January is Glaucoma Awareness Month
Often called the “silent thief of sight”, glaucoma usually presents with no symptoms to make the patient aware they have a problem until permanent damage occurs. Because of this yearly, dilated eye examinations are critical in diagnosing the disease early in patients, with the hope of preventing damage that impacts one’s lifestyle. If it has been over a year since your last dilated eye exam, it is recommended that you schedule an appointment to have your eye dilated.
Glaucoma is the second leading cause of blindness worldwide. It is estimated that over 3 million Americans have glaucoma. Of those, only half know it due to its lack of symptoms early on. Everyone is at risk of developing glaucoma. The following groups are at an increased risk.

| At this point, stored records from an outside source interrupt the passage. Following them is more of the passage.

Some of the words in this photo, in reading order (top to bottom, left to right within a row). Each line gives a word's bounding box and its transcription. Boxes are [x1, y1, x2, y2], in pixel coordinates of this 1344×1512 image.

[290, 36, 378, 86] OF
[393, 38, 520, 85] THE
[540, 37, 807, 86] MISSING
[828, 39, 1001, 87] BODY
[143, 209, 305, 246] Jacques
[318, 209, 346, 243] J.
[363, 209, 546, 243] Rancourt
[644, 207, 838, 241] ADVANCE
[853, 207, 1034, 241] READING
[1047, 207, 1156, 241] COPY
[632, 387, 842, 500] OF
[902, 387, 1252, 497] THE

Glaucoma is the 2nd leading cause of blindness in African Americans and those of African decent. Glaucoma is 6-8 times more prevalent in people of African decent than those of European ancestry.
Over the Age of 60
This risk for glaucoma increases with age. In fact, those over the age of 60 have a 6 times greater risk of developing glaucoma compared to those under the age of 60.

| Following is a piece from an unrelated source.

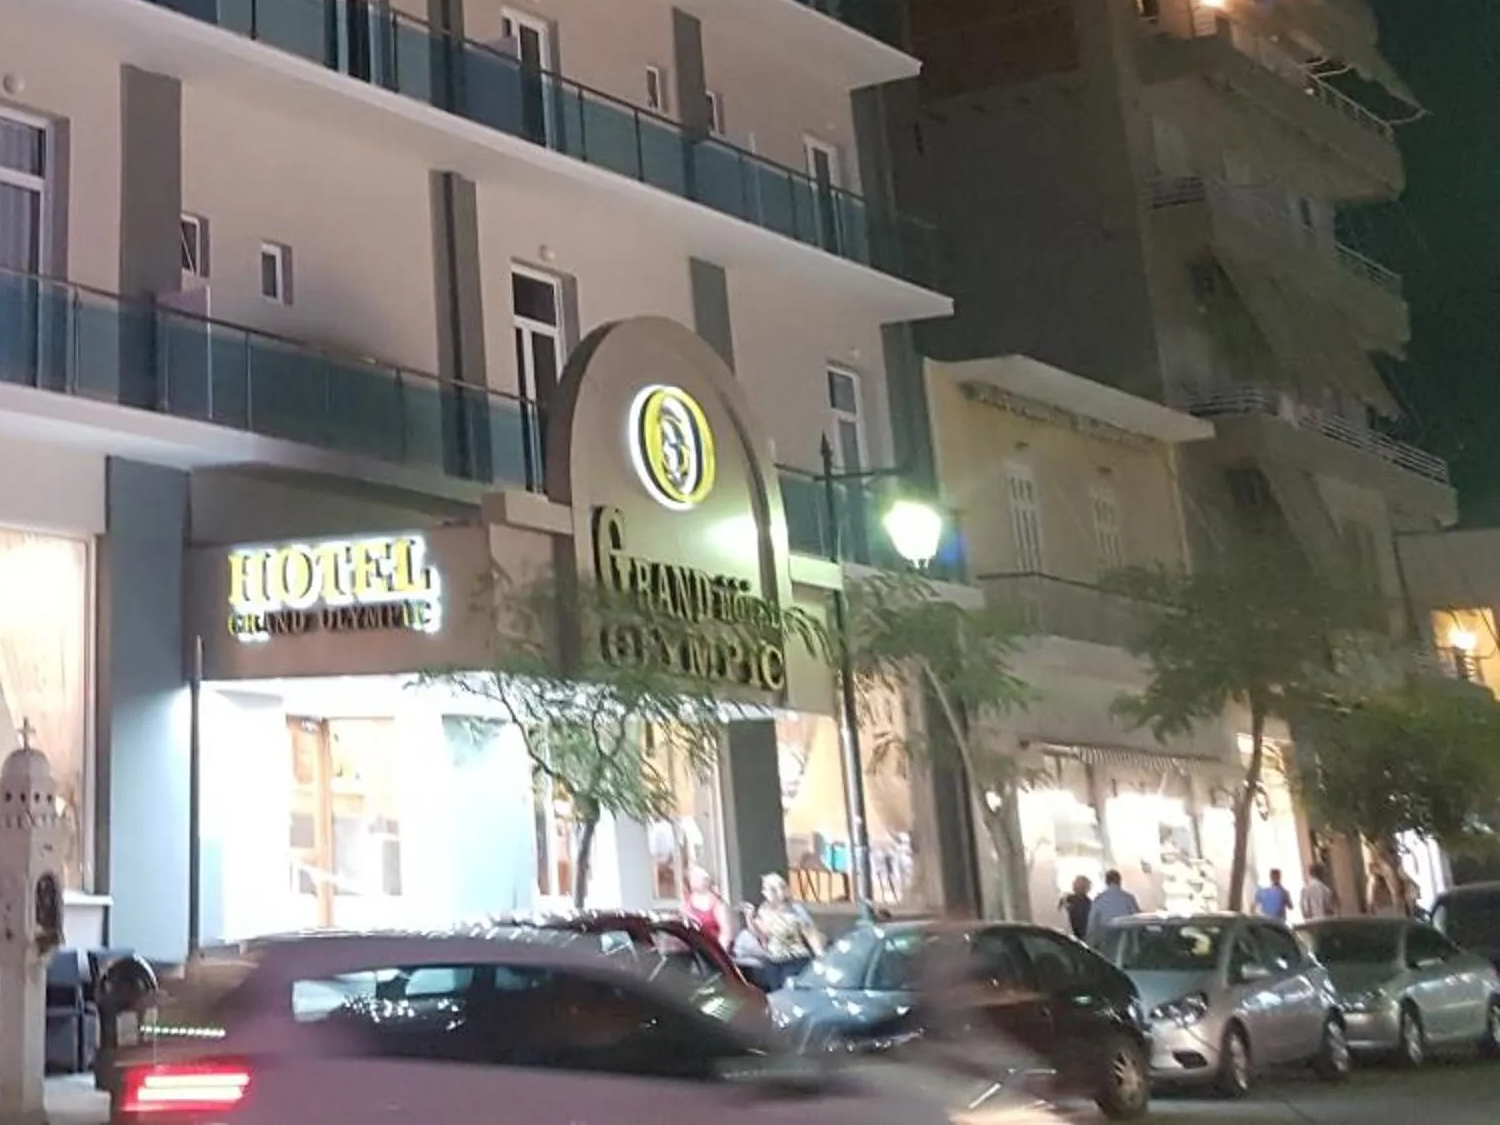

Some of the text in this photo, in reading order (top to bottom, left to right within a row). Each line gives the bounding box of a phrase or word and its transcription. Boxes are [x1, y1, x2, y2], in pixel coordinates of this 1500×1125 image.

[228, 538, 434, 607] HOTEL
[592, 505, 712, 622] GRAND
[228, 599, 436, 636] GRAND OLYMPIC

Family History of Glaucoma
If you have a parent or sibling with glaucoma, you are more likely to develop glaucoma. Some studies show that people with a family history are up to 9 times more likely to develop glaucoma than those who do not.
People of Hispanic ancestry are at a higher risk of developing glaucoma than those of European decent. This risk disparity increases with age.

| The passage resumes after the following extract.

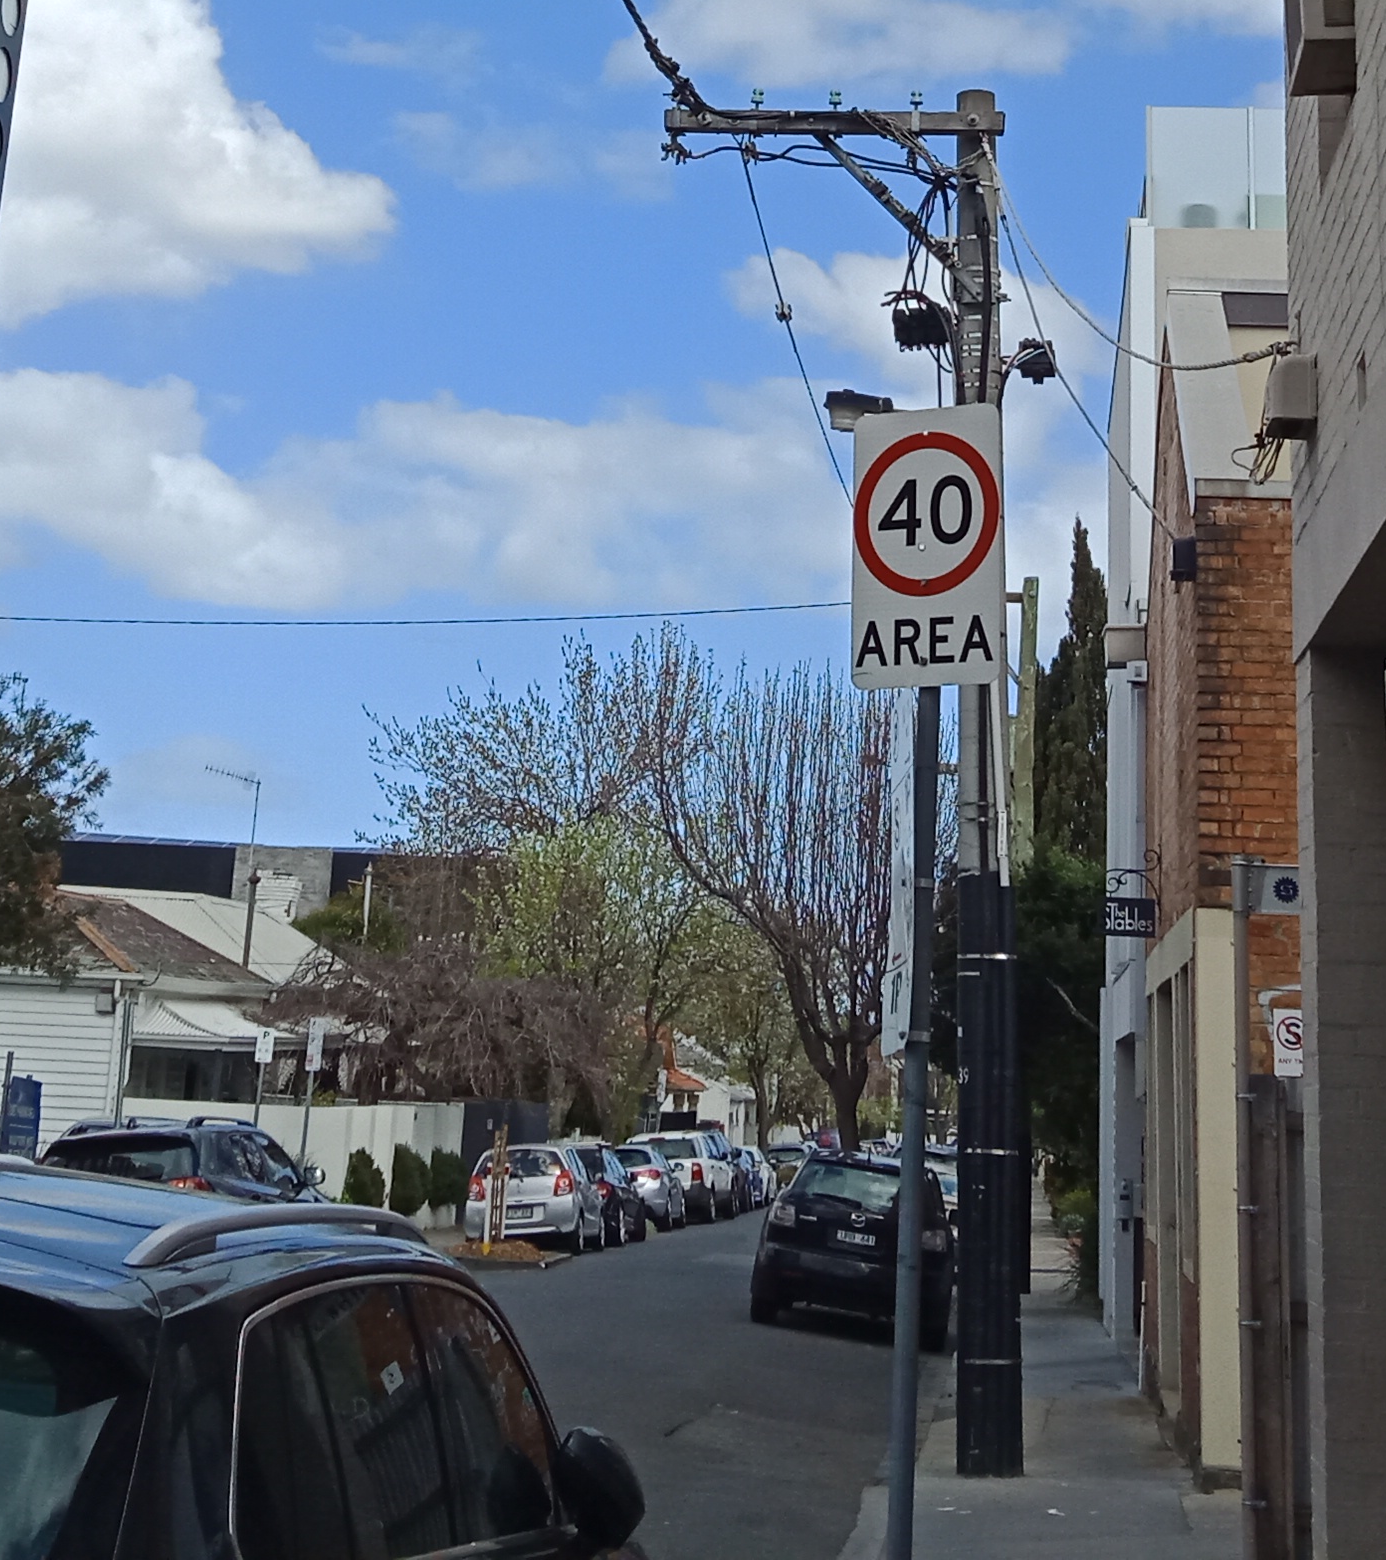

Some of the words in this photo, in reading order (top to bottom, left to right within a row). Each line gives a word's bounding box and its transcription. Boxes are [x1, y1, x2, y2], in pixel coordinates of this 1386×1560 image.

People of Asian heritage are at an increased risk of developing a subset of glaucoma, angle-closure glaucoma. Angle-closure glaucoma accounts for less than 10% of all cases of glaucoma. Also, people of Japanese decent are at a higher risk of developing normal-tension glaucoma.
Some people who chronically use steroids, such an inhaler for asthma, may develop increased pressure within the eye over time. This increased pressure can lead to the development of glaucoma.
Blunt trauma or penetrating injuries to the eye can cause damage to the “drainage system” within the eye that can lead to the development of glaucoma. Sports-related injuries are the most common category of injury to lead to glaucoma.
Throughout this month, we will provide more information about what glaucoma is, how it is diagnosed and how it is treated.